Myths and Realities About Separating Money in a Colorado Divorce

Filed Under (Divorce and Legal Separation) on 08-14-2012

Colorado Divorce, Divorce forms online, Colorado divorce laws

Before you formally divorce in Colorado, you need to write a divorce plan, or separation agreement, that tackles all the “stuff” you accumulated in the marriage. A separation agreement is a typed document that sets out how you and your soon-to-be ex will divide your assets and debts, take care of your children and deal with child support or maintenance.  As you start sorting through your affairs to write this agreement, or divorce plan, you may fall for common misperceptions about what’s fair, what’s yours and what you should do.

Myth: We have to divide our assets equally. That’s the law.

Reality:  Nowhere is it written in Colorado that your marital assets must be divided equally.  The word used in the statute is equitable, which means fair.

Myth: If we can’t agree on the value of our assets, we can’t agree on anything and we’ll never be able to settle.

Reality: This is not true.  You may elect to divide anything and everything without regard to monetary value.  There are many kinds of value: money is only one of them. You are only required to divide your assets equitably, or in a fair manner.
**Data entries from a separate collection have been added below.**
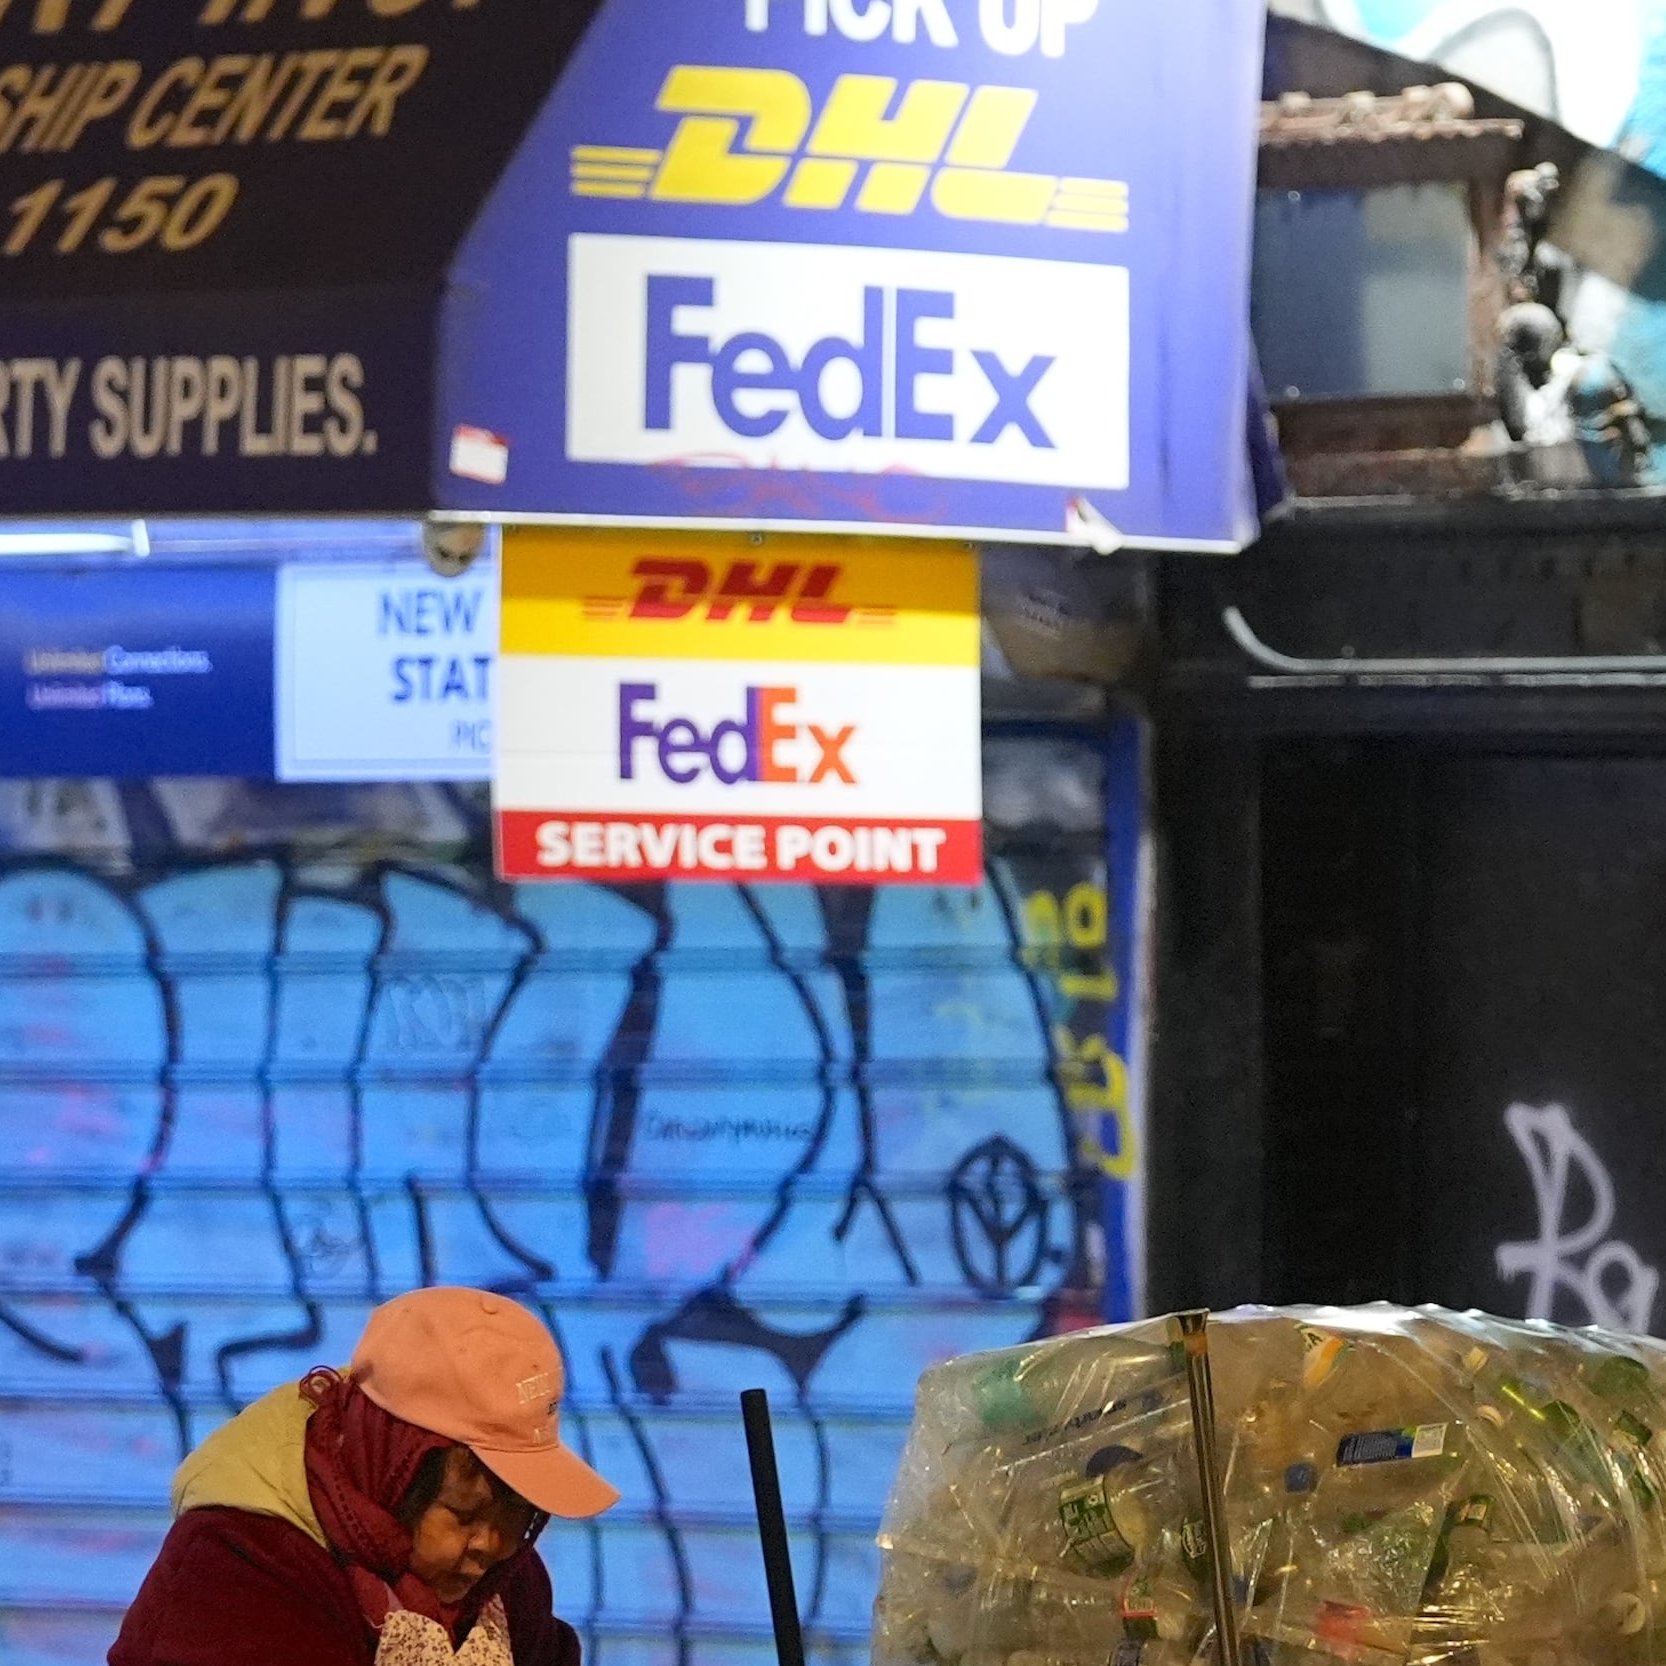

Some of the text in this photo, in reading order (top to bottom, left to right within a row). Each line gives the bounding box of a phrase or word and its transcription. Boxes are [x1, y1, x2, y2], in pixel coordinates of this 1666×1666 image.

[977, 0, 1101, 58] UP
[123, 44, 430, 149] CENTER
[648, 64, 1057, 226] DHL
[90, 353, 379, 458] SUPPLIES.
[642, 274, 1059, 451] FedEx
[378, 591, 481, 638] NEW
[629, 556, 854, 623] DHL
[618, 680, 857, 785] FedEx
[537, 822, 946, 873] SERVICE POINT
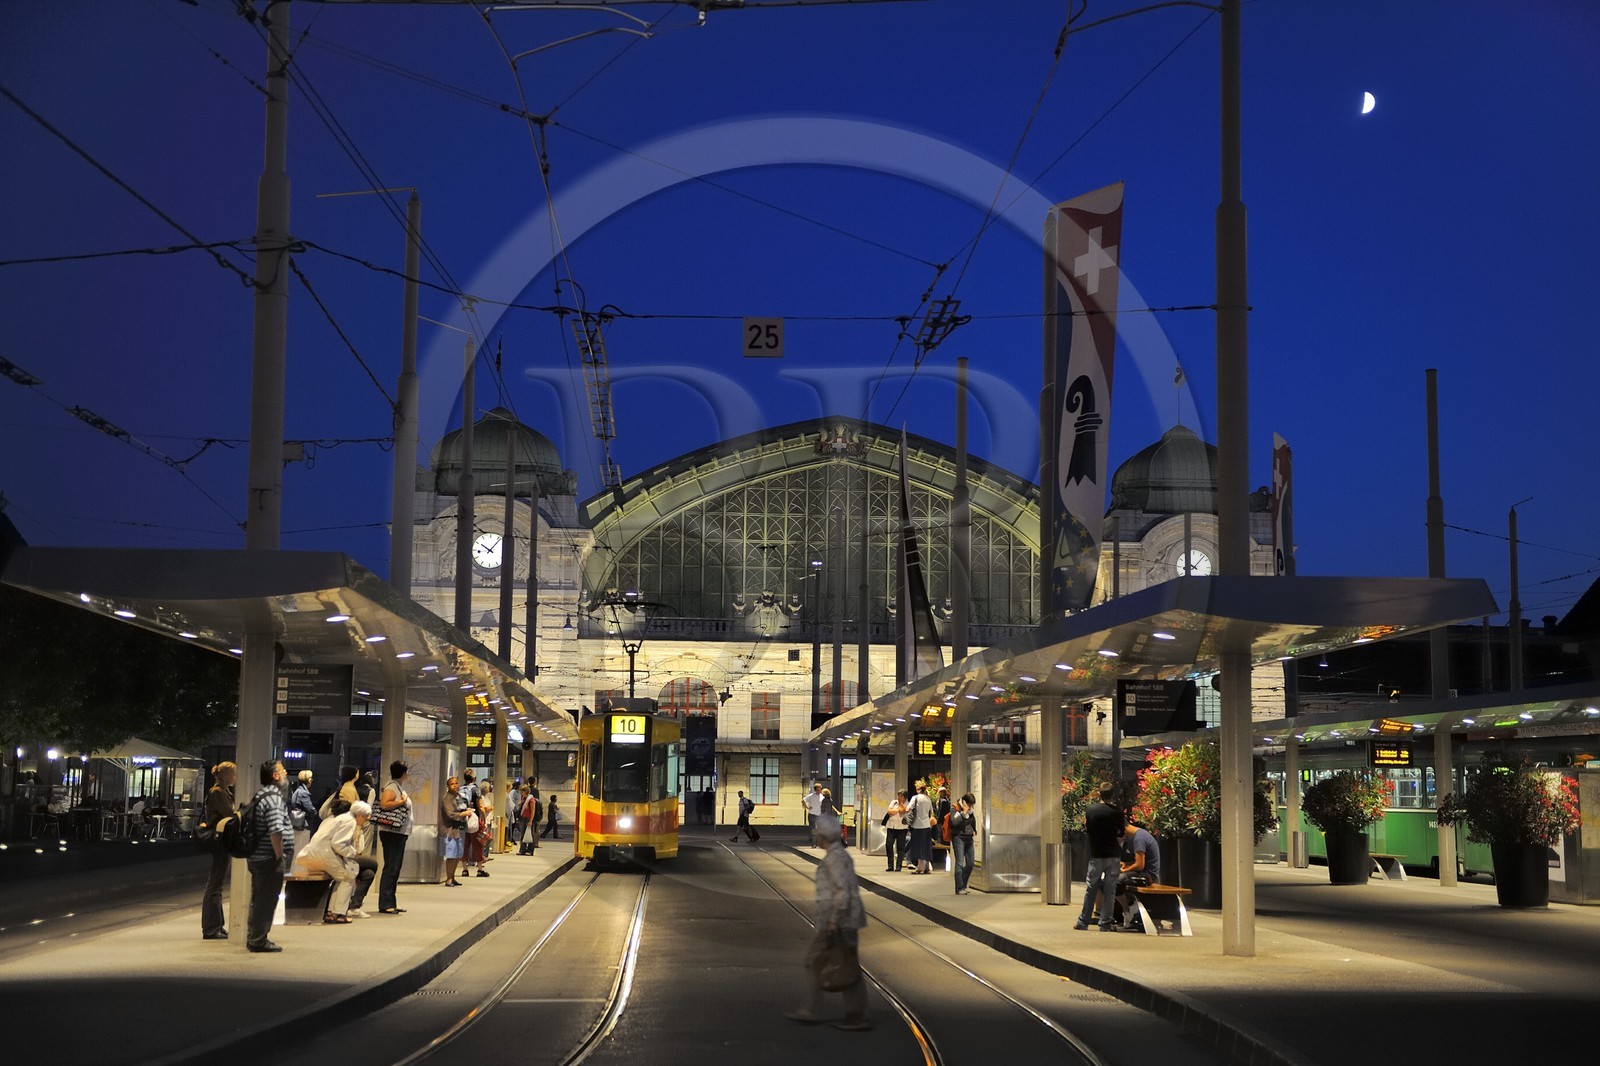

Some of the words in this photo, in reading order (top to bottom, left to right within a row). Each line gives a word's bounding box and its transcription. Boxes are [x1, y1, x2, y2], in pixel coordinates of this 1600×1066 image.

Myth: How we divide the retirement plan is up to us.

Reality: The plan administrator will need to review and approve the plan for dividing retirement assets before your court date, and this can take plenty of time. Without this approval, you will not be able to divide this asset.

Myth: Divorced people can’t go on sharing a business.

Reality: Not necessarily true.  The key to success is differentiating your relationship as spouses and your relationship as business partners.

Myth: I’m not responsible for paying that VISA bill. My husband/wife promised to pay for it in the divorce plan and the judge approved it.

Reality: Any agreement you two make about who is going to pay this debt does not affect the creditor, i.e. the credit card company. So if one of you defaults or stops paying, the lender will try to collect from the other one.  And any default will be reported to credit reporting agencies in both your names.